US MACRO-ECONOMIC PICTURE – STILL GLOOMY OUTLOOK

The macro picture overlaying the US housing sector, however, remains daunting.US second qtr GDP data was revised downward to 1.5% significantly down from a revised downward 2% in the first qtr. http://money.cnn.com/2012/07/27/news/economy/us-gdp/index.htm. The decelerating trend from December 2011 qtr is obvious with weakness noted in consumer spending, cuts in government spending and  unsurprisingly imports helped by a stronger US dollar. Economists estimated that a 3% GDP growth rate is needed to cut unemployment rate down. That is unlikely to happen any time soon as US consumer spending slowed to 1.5% in second qtr down from 2.4% in the preceding qtr. Inventories  climbed higher to estimated $66.3 billion, thus slowing manufacturing order in the September qtr. The Fed has warned of slower growth ahead since June. http://www.cnbc.com/id/47896453 Consumer spending needs to grow 3% annually. Three years after the recession, US consumers are still deleveraging. http://www.marketwatch.com/story/us-debt-load-falling-at-fastest-pace-since-1950s-2012-06-08. Total debt - public and private – share of the economy have been declining for 12 consecutive qtrs. The ratio of total debt to gross domestic product has fallen from 3.73 times GDP to 3.36 times. In the U.S., household debt has now fallen to 84% of GDP from a peak of 98% in 2009 but that is also partly due to mortgage release and credit card closures. Public debt has risen to 89% from 56%. There is still some more room to claw back in household debts to more sustainable levels and US consumers have shown the propensity to continue deleveraging. Retails sales tend to be volatile from month to month weakened in May/June but recapturing in July and a stronger seasonal August, as consumers muddled along. A long and sustained US recovery is not on the card at this moment. http://www.cnbc.com/id/48281577.  As the economy hurtles towards the fiscal cliff, disposable income and consumption growth will slow. The weakening momentum already noted in the second quarter of  2012 is expected to weaken further. The “improved” corporate results among large-cap stocks in the last earning cycle did not measure to the declining GDP growth statistics – largely due to lower guidance expectations on one hand and the failures of most entities to report significantly higher revenue base gains. http://www.marketwatch.com/story/us-stocks-break-win-streak-after-ge-reports-2012-07-20?siteid=bigcharts&dist=bigcharts
There are big worries ahead even though bank profits in the second quarter improved http://www.marketwatch.com/story/fdic-bank-profits-decrease-in-second-quarter-2012-08-28?siteid=bigcharts&dist=bigcharts  Consumer sentiment-index in July fell to 72.3 - the lowest since last December – from 74.1 in June and 79.3 in May. Another Conference Board consumer confidence survey showed its confidence index fell to a nine-month low of 60.6 in August from 65.4 in July.  http://www.marketwatch.com/story/consumer-confidences-falls-to-9-month-low-2012-08-28 . They worried about the economy and job prospects. Uncertainty over EU’s debt crisis and looming fiscal cliff in the US undermine business capacity and willingness to invest in new businesses or adding more to its payroll. To move forward from point requires a lot of political determination and risks taking in Europe to address its debt crisis and/or some pushing out of its fiscal cliff beyond January 1, 2013.

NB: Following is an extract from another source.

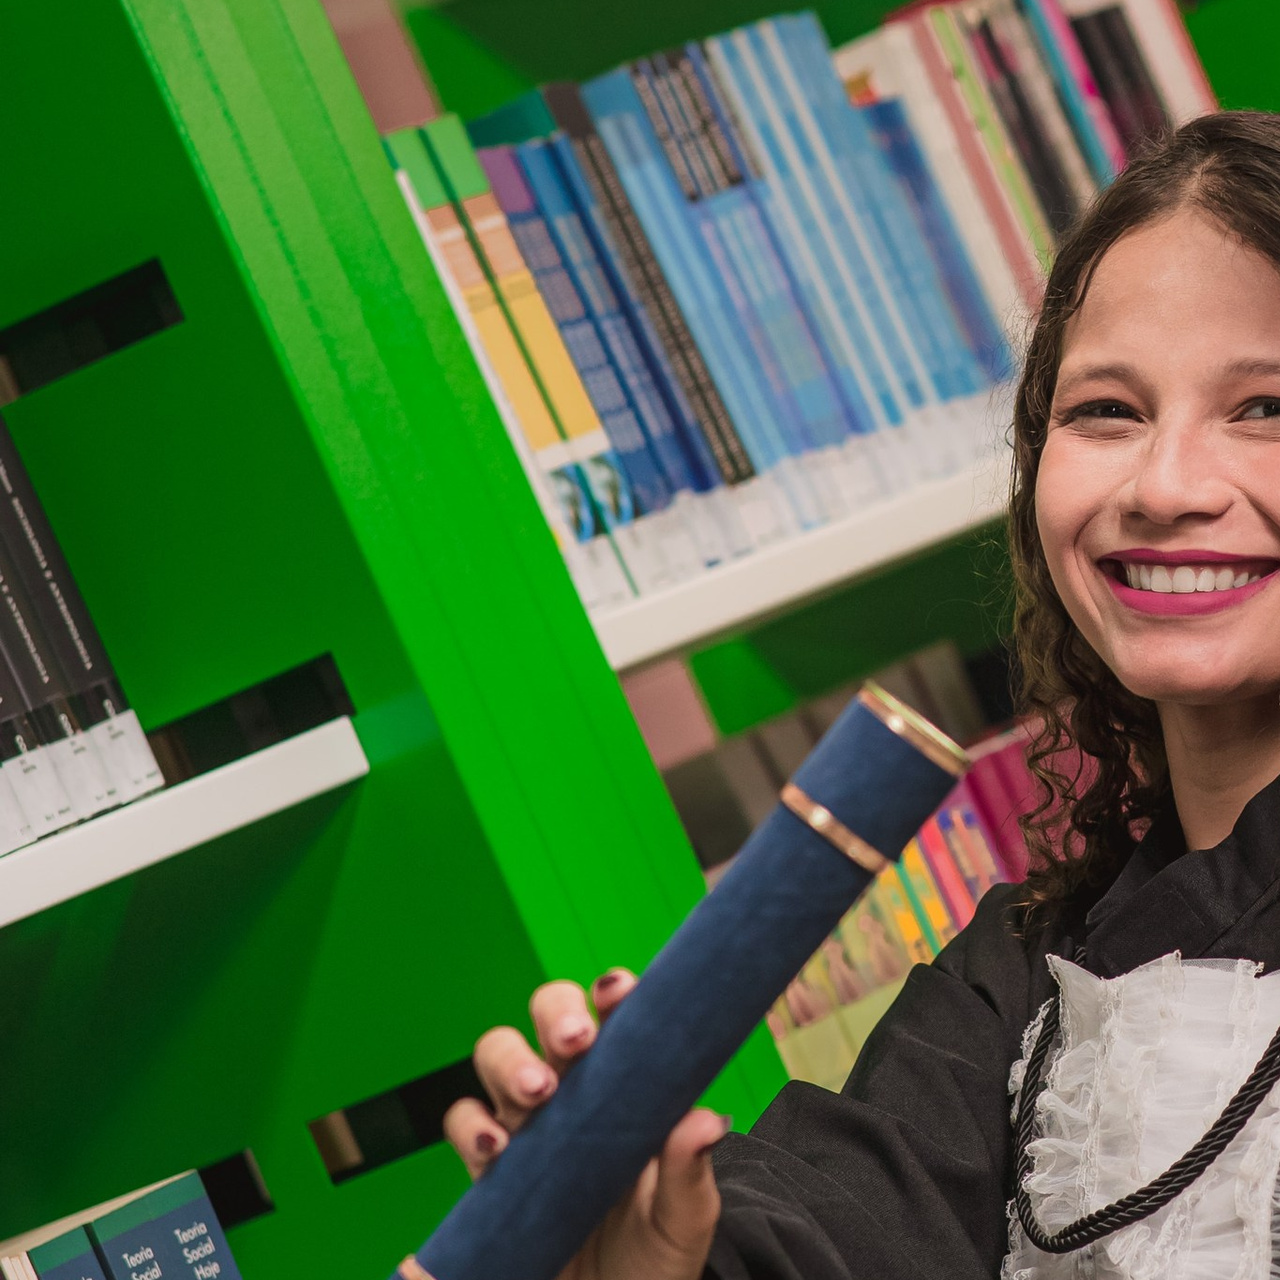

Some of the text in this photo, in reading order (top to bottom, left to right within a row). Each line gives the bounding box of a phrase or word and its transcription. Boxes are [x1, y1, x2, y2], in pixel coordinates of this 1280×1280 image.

EU DEBT CRISIS, US FISCAL CLIFF CORRODING RECOVERY PROSPECTS

This author believes that the EU debt crisis is quarantined to a very limited degree, though a long way from resolution – the ECB, in its assumption of debt, is unlikely to default unlike commercial banks in weak vulnerable economies. Working the push out of fiscal cliff is much harder in an election year politics in US. The simultaneous onset of tax increases and spending cuts is automatically triggered on January 1, 2013 unless Congress acts. Fiscal cliff aims to take out US$7 trillion out of the economy over 10 year period and of which $500 billion will be in 2013. The effect of fiscal cliff is recessionary of impact hit. http://money.cnn.com/2012/05/16/news/economy/fiscal-cliff/index.htm?iid=EL . But that immediately runs into stiff opposition from the Republicans – an ugly and protracted fight is looming ahead tightly linked with debt ceiling showdown.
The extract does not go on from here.